Офицер вскинул голову. Солнце село, волшебная тропинка на воде исчезла. Зато половина небосвода расцветилась оранжевым цветом, густым у западного горизонта, постепенно гаснущим к зениту. Слюдовая гладь воды между пугачевской лодкой и закатом, отражая нежное сияние небес, зарделась ровным блеском. Все пространство от земли до неба, от края и до края, наполнилось сумеречной волнующей печалью. Это — последняя ласка, прощальный привет земле великого небесного светила. Издалека донесло протяжную песню, приглушенный далью благовест, заунывный, узывчатый голос пастушеской свирели с лугов.
И тут ближе, из-за самой реки, взнялась и поплыла бурлацкая песня:
Матушка Волга, широка и долга,Ты нас укачала, ты нас уваляла…Эх, нашей-то силушки,Нашей силушки не стало!
С надрывом, с жалобным стоном песня то настигала затаившихся в лодке людей, то вдруг куда-то удалялась от них, словно приманивая к себе, в заволжские леса и нивы.

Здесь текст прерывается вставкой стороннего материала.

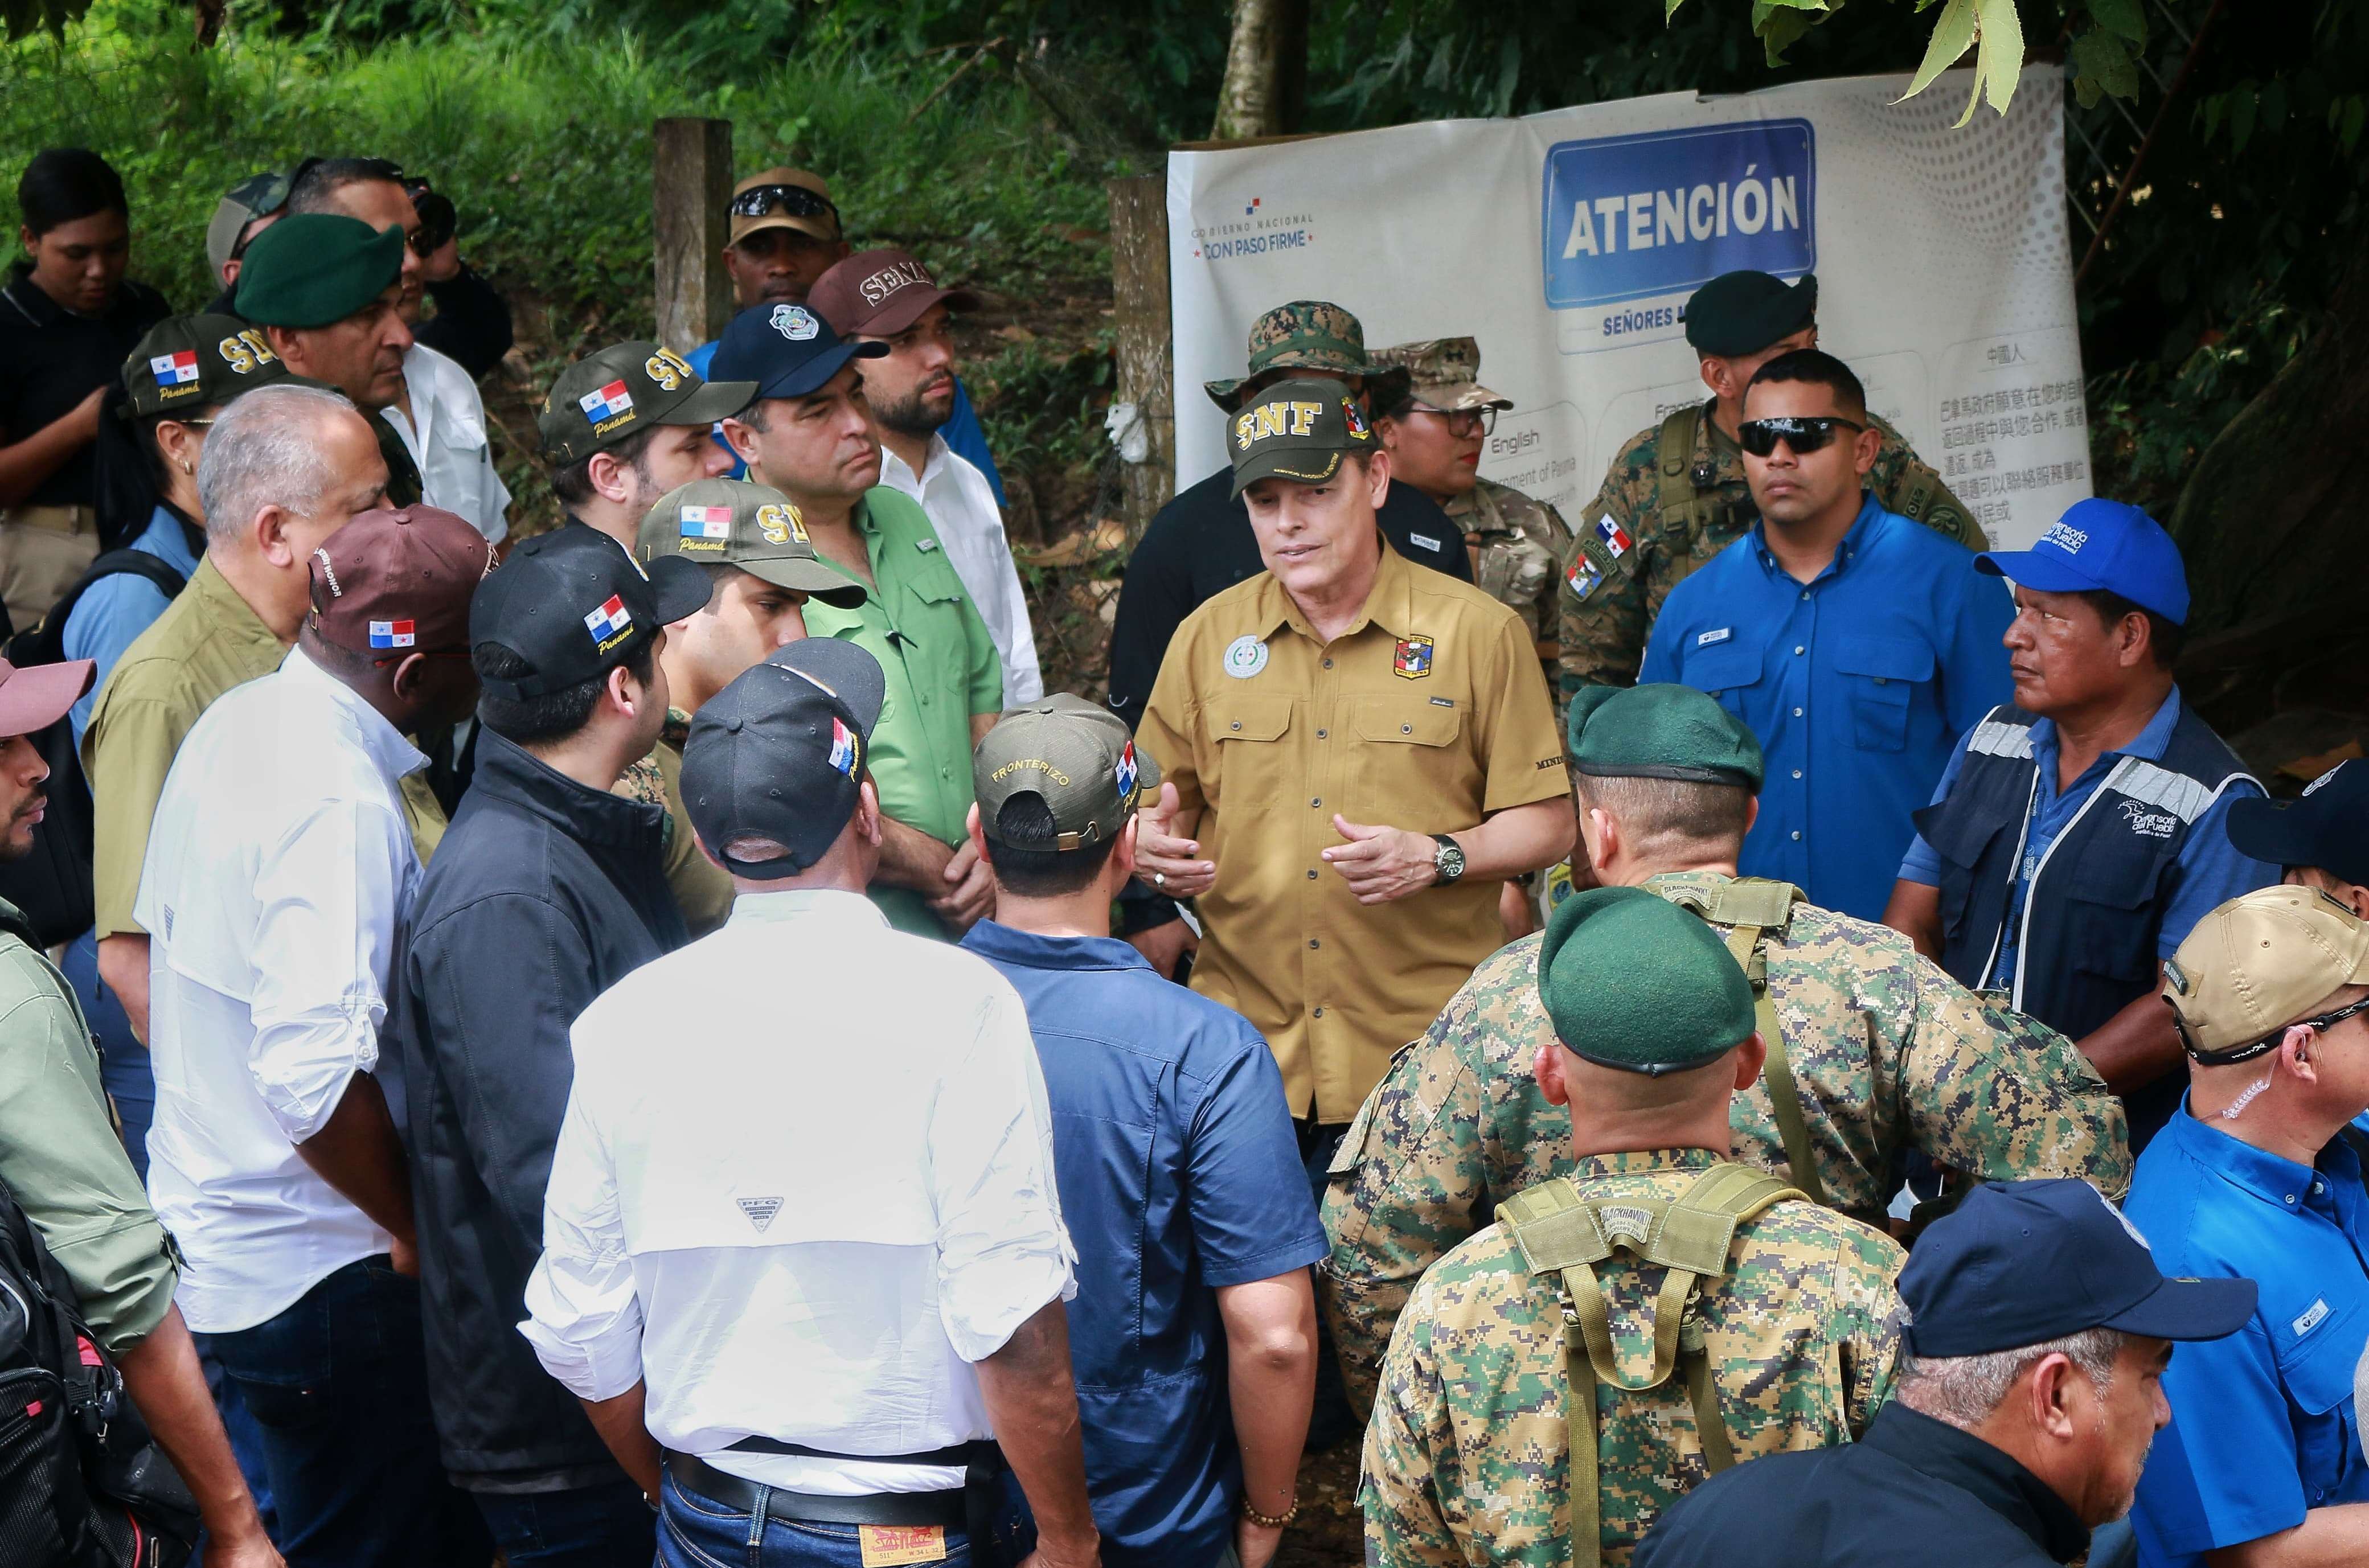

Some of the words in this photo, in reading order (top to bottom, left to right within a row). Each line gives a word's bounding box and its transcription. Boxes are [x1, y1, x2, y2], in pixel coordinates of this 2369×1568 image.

[1191, 224, 1249, 239] GOBIERNO
[1257, 214, 1313, 229] NACIONAL
[1562, 164, 1799, 259] ATENCIÓN
[1204, 242, 1232, 260] CON
[1235, 236, 1266, 256] PASO
[1269, 230, 1305, 251] FIRME
[1602, 306, 1673, 336] SEÑORES
[594, 408, 636, 438] Panamá
[1235, 401, 1322, 451] SNF
[1491, 428, 1539, 454] English
[679, 537, 726, 552] Panamá
[2052, 529, 2081, 549] Pueblo
[323, 565, 342, 597] HONOR
[598, 622, 634, 656] Panamá
[991, 759, 1069, 786] FRONTERIZO
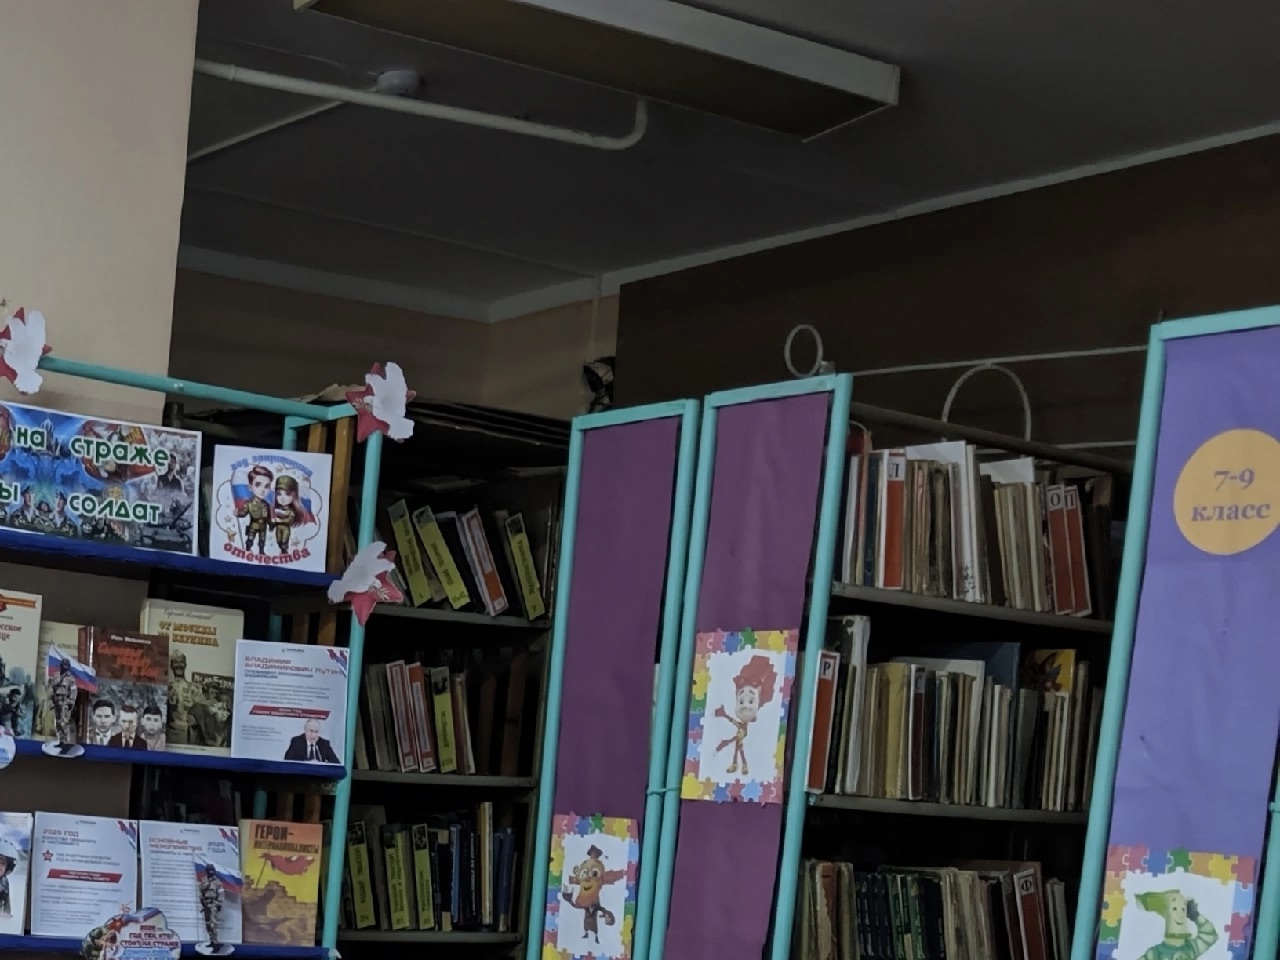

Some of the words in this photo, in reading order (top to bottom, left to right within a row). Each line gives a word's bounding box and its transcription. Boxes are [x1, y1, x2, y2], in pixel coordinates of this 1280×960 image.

Горбатов чутко внимал самобытной песне, созерцая погасавшую красоту заката. По-иному переживал пышное угасание этого вечера Пугачев. Уж не казанские ли пожары полыхают над Волгой, не заревом ли от них охватило полнеба? А вот два огненных, невеликих, в шапку, облачка. Уж не дым ли от выстрелов Михельсоновых пушек? А это беспрестанное кряканье селезня в камышах — не звуки ли медной трубы горниста Ермилки?
Житель привольного Дона, Пугачев любил природу и понимал в ней толк… Но нынче вся душа его потревожена, приплюснута бедами, раздернута, и не до любованья ему закатом… Снова запахло будто бы удушливым порохом, в уши ломятся отзвуки грохота пушек, ржания коней, стона раненых, а в глаза наплывают призраки: пламя пожарищ, клубы пыли и дыма, блеск сабель, — и бегут, бегут, подобно отарам овец, преследуемых волками, безоружные его скопища… Нет, не до небесных закатов Емельяну Иванычу. А тут еще, как надоедливый комар, зудит и зудит досадливая мысль о соседе Горбатова — помещике Янове: подох, скот, а то вот как бы отыгрался на нем Емельян Иваныч… Впрочем, не в Янове-помещике дело! Всех их, злодеев, не перевешаешь, не угомонишь… Тут, гляди, как бы самому целым остаться… Вон ведь Михельсонишка-то чего натворил!